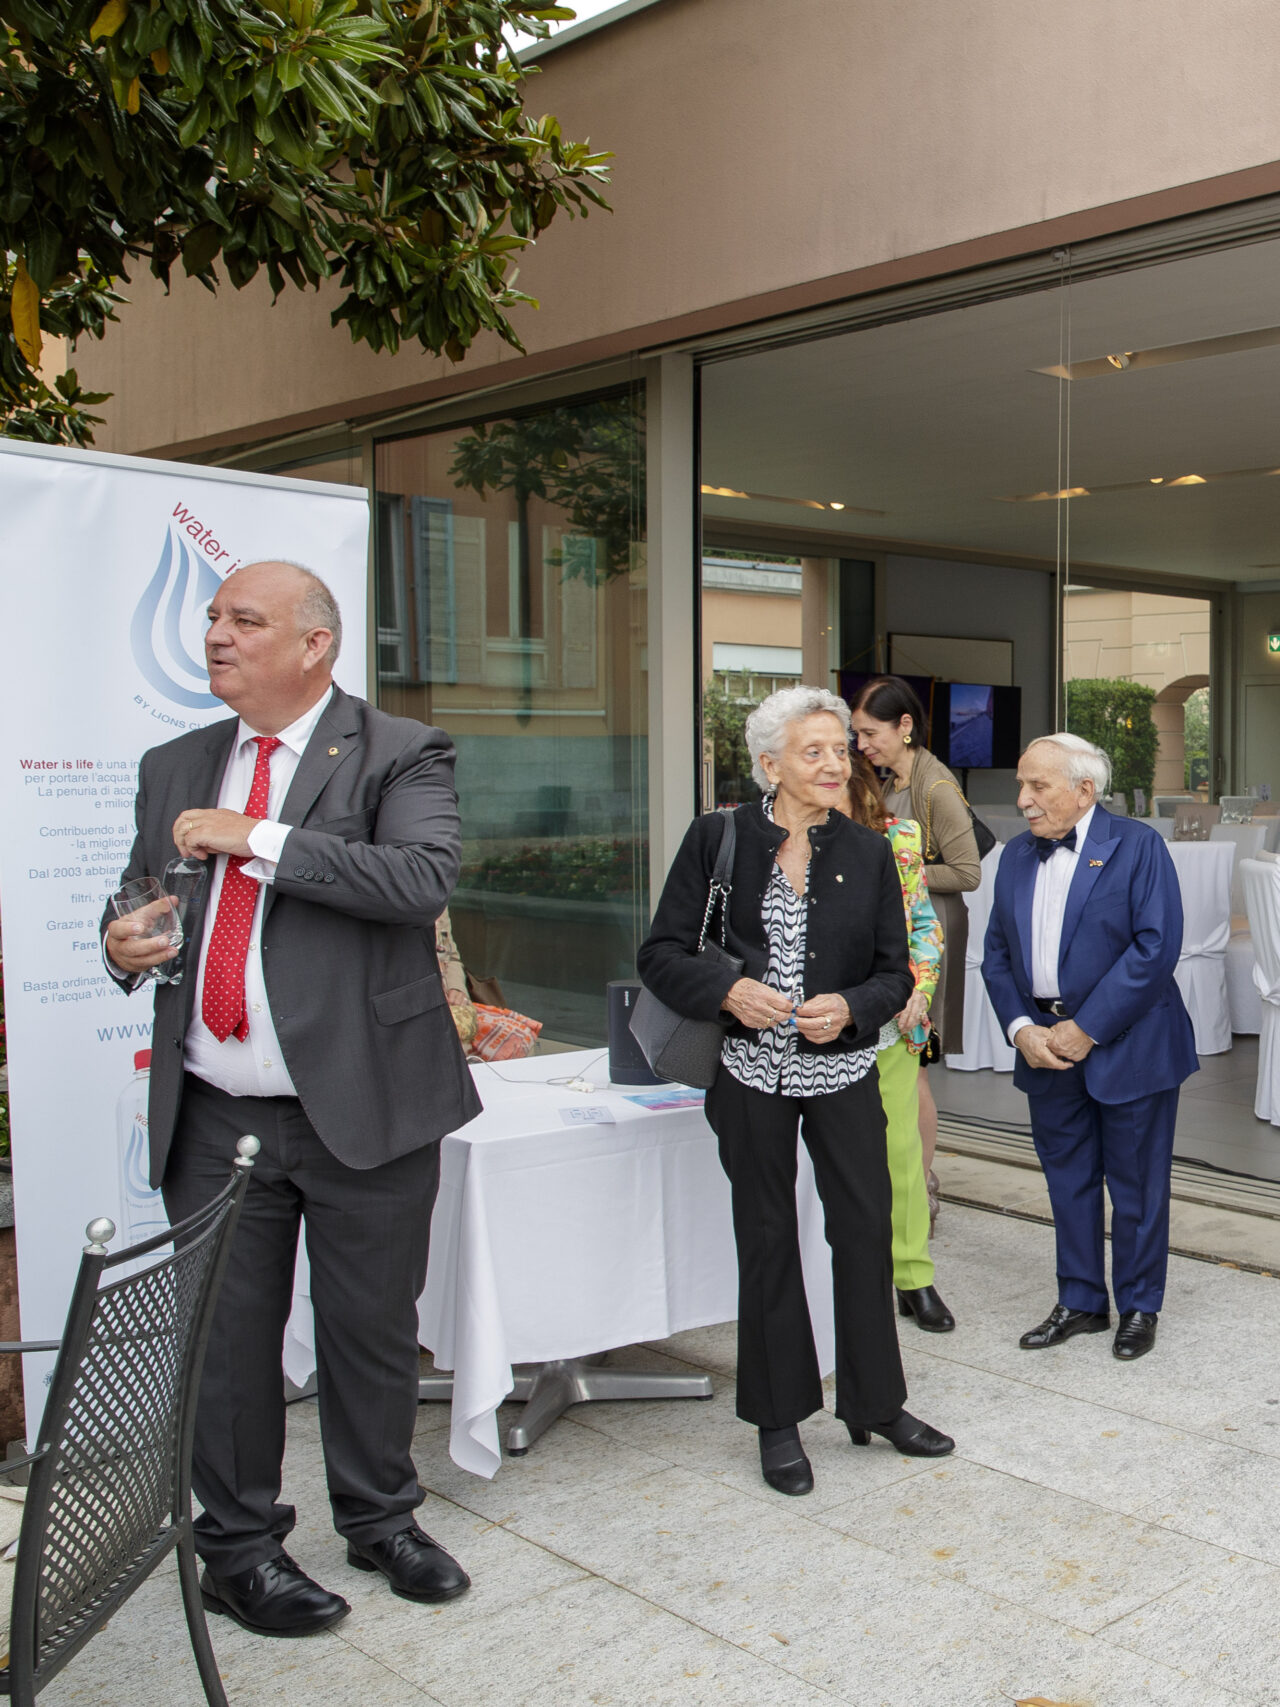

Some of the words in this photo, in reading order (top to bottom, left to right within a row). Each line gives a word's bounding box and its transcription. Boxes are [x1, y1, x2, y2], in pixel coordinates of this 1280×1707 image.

[172, 501, 230, 561] water
[134, 694, 150, 709] BY
[151, 708, 186, 729] LIONS
[20, 759, 58, 770] Water
[62, 759, 73, 770] is
[76, 759, 94, 770] life
[106, 761, 127, 769] una
[24, 775, 45, 786] per
[49, 774, 89, 785] portare
[38, 786, 53, 797] La
[56, 786, 98, 799] penuria
[101, 785, 110, 796] di
[94, 801, 102, 809] e
[39, 826, 115, 837] Contribuendo
[118, 824, 128, 835] al
[89, 837, 132, 850] migliore
[28, 869, 50, 879] Dal
[53, 867, 82, 878] 2003
[46, 919, 84, 931] Grazie
[87, 919, 94, 928] a
[72, 941, 98, 951] Fare
[23, 981, 59, 993] Basta
[62, 976, 107, 988] ordinare
[40, 995, 48, 1004] e
[95, 987, 106, 998] Vi
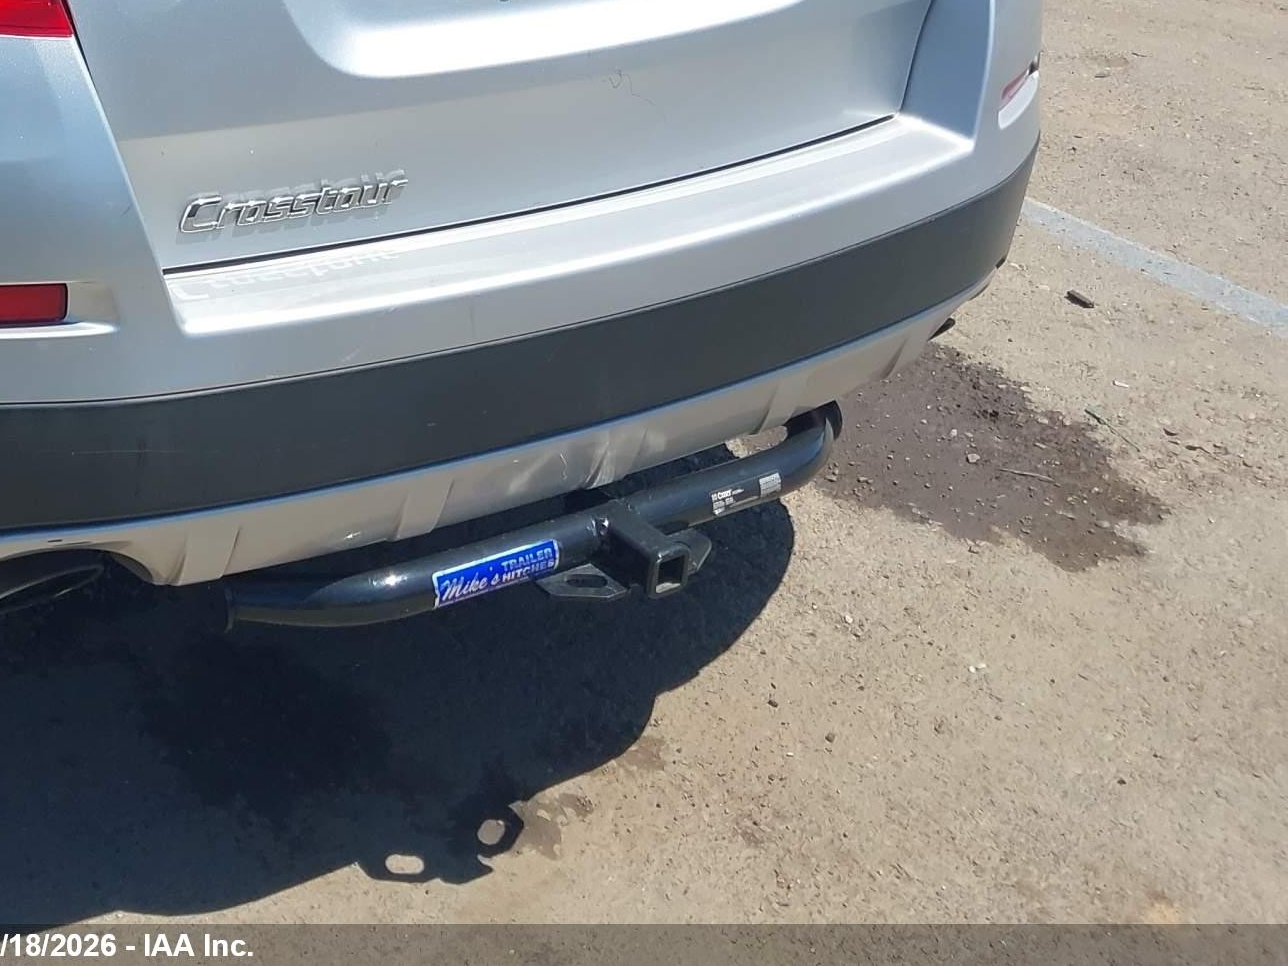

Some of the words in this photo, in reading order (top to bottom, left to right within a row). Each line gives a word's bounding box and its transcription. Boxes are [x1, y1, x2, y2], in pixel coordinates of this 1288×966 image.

[179, 177, 409, 234] Crosstour
[501, 547, 553, 571] TRAILER
[440, 566, 501, 602] Mike's
[502, 560, 555, 583] HITCHES
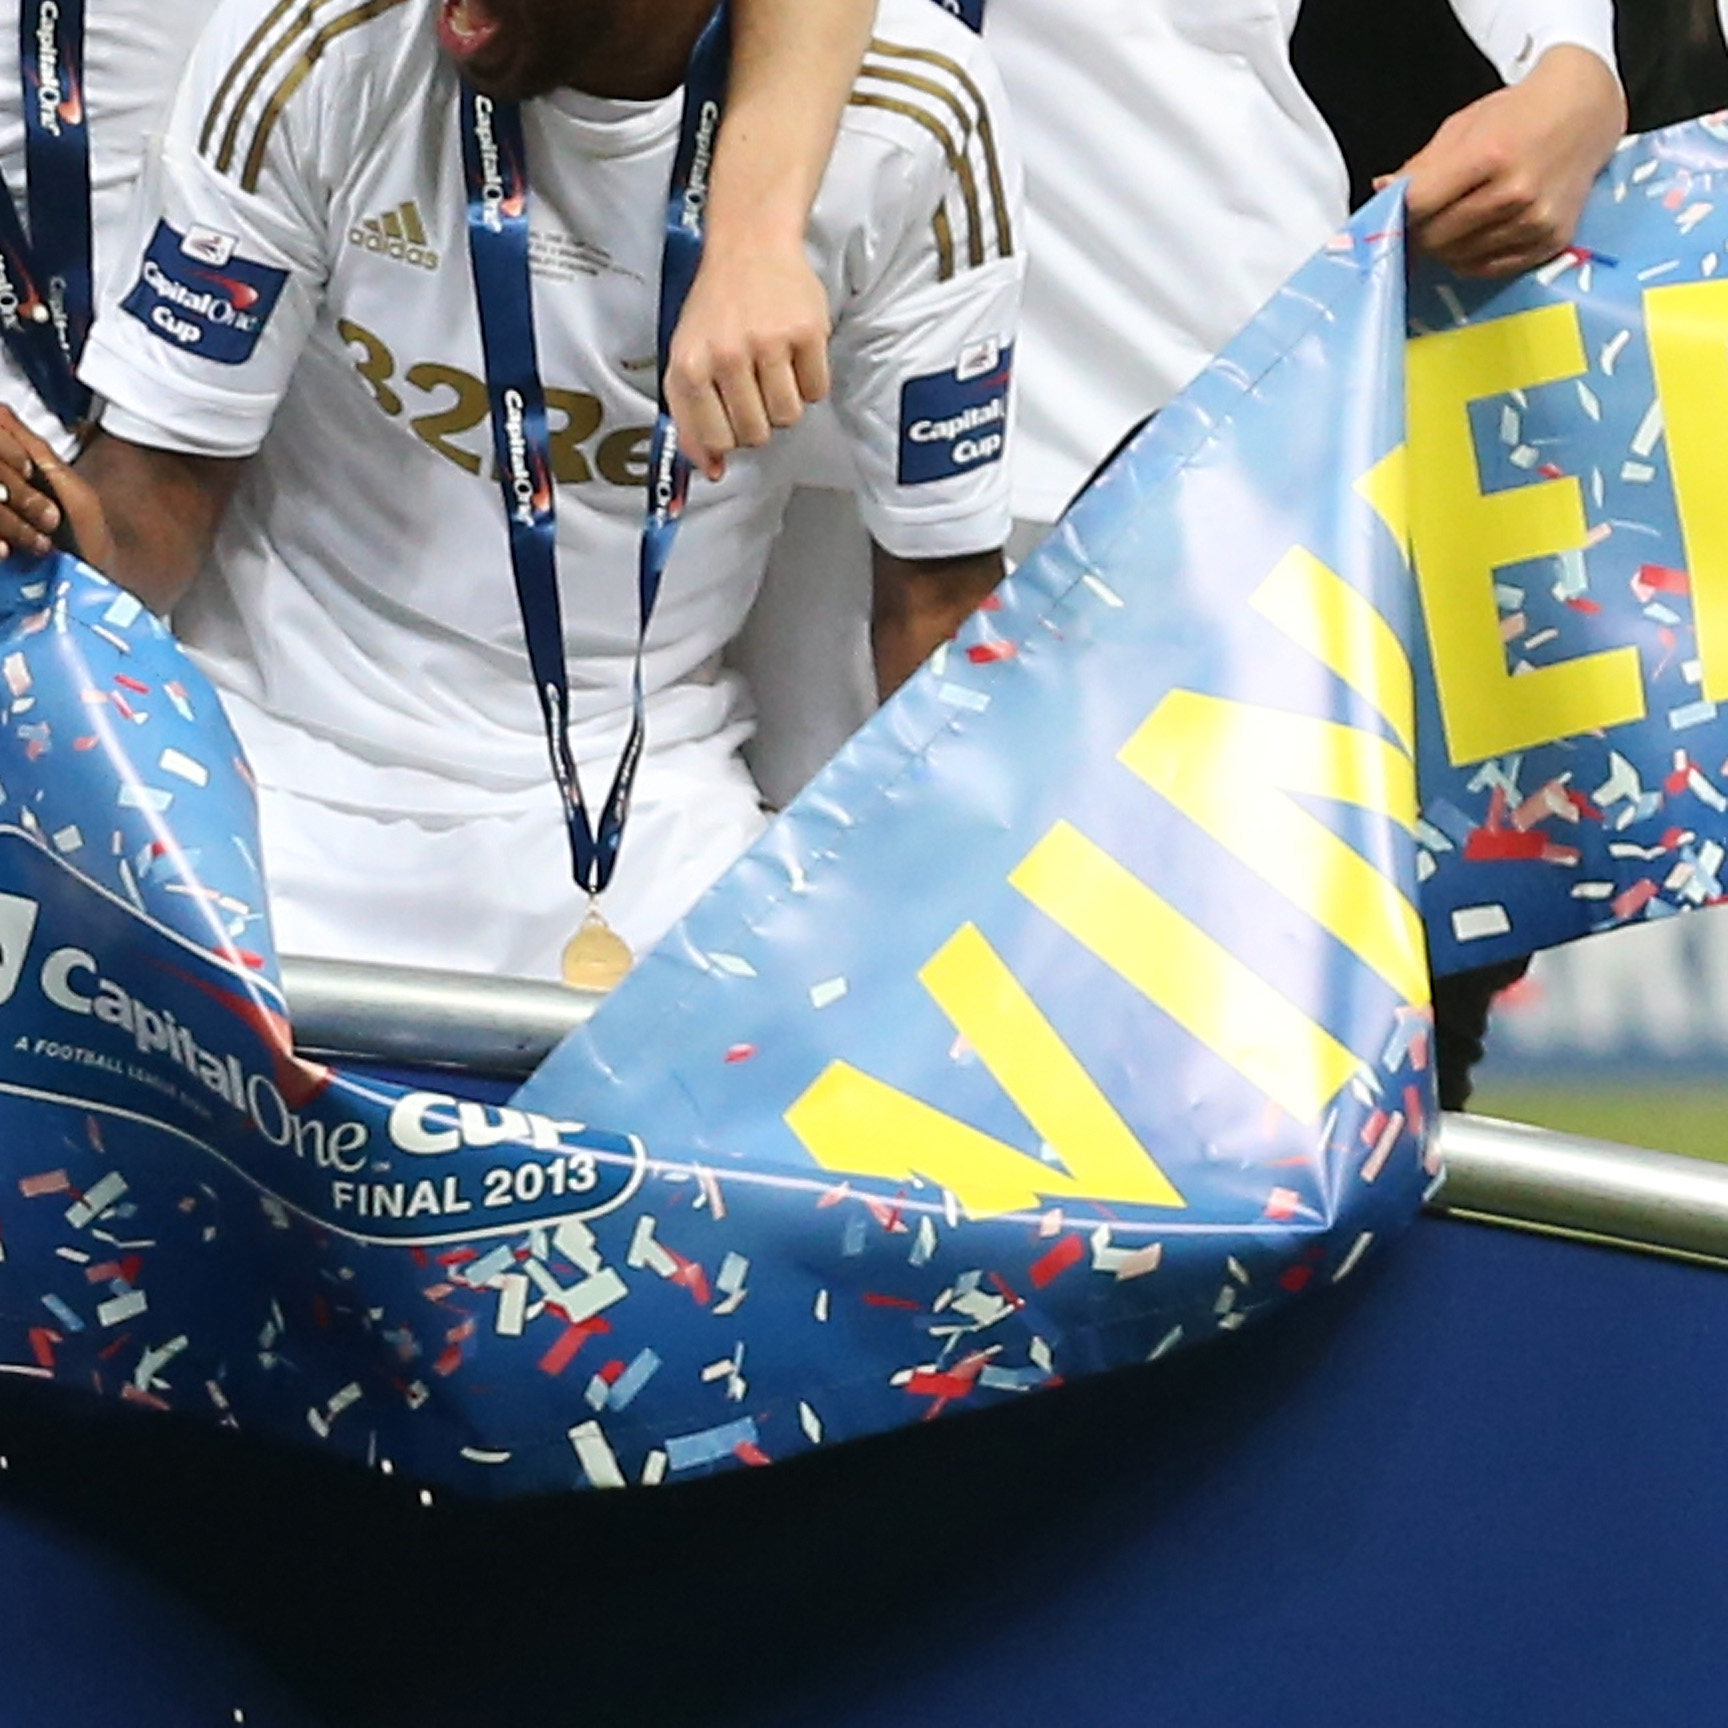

● ● ● ● ●

How to complete this task = Return the listing unchanged, but drop every picture.

Answer section =
Some of the words in this photo, in reading order (top to bottom, left to right within a row). Each line gives a word's bounding box and its transcription. Boxes are [x1, y1, x2, y2], in pixel coordinates of this 1280×1707 image.

[172, 501, 230, 561] water
[134, 694, 150, 709] BY
[151, 708, 186, 729] LIONS
[20, 759, 58, 770] Water
[62, 759, 73, 770] is
[76, 759, 94, 770] life
[106, 761, 127, 769] una
[24, 775, 45, 786] per
[49, 774, 89, 785] portare
[38, 786, 53, 797] La
[56, 786, 98, 799] penuria
[101, 785, 110, 796] di
[94, 801, 102, 809] e
[39, 826, 115, 837] Contribuendo
[118, 824, 128, 835] al
[89, 837, 132, 850] migliore
[28, 869, 50, 879] Dal
[53, 867, 82, 878] 2003
[46, 919, 84, 931] Grazie
[87, 919, 94, 928] a
[72, 941, 98, 951] Fare
[23, 981, 59, 993] Basta
[62, 976, 107, 988] ordinare
[40, 995, 48, 1004] e
[95, 987, 106, 998] Vi

Some of the words in this photo, in reading order (top to bottom, left to right within a row). Each line gives a word's bounding box and its transcription. Boxes are [x1, y1, x2, y2], in pixel coordinates of this 1288×966 image.

[179, 177, 409, 234] Crosstour
[501, 547, 553, 571] TRAILER
[440, 566, 501, 602] Mike's
[502, 560, 555, 583] HITCHES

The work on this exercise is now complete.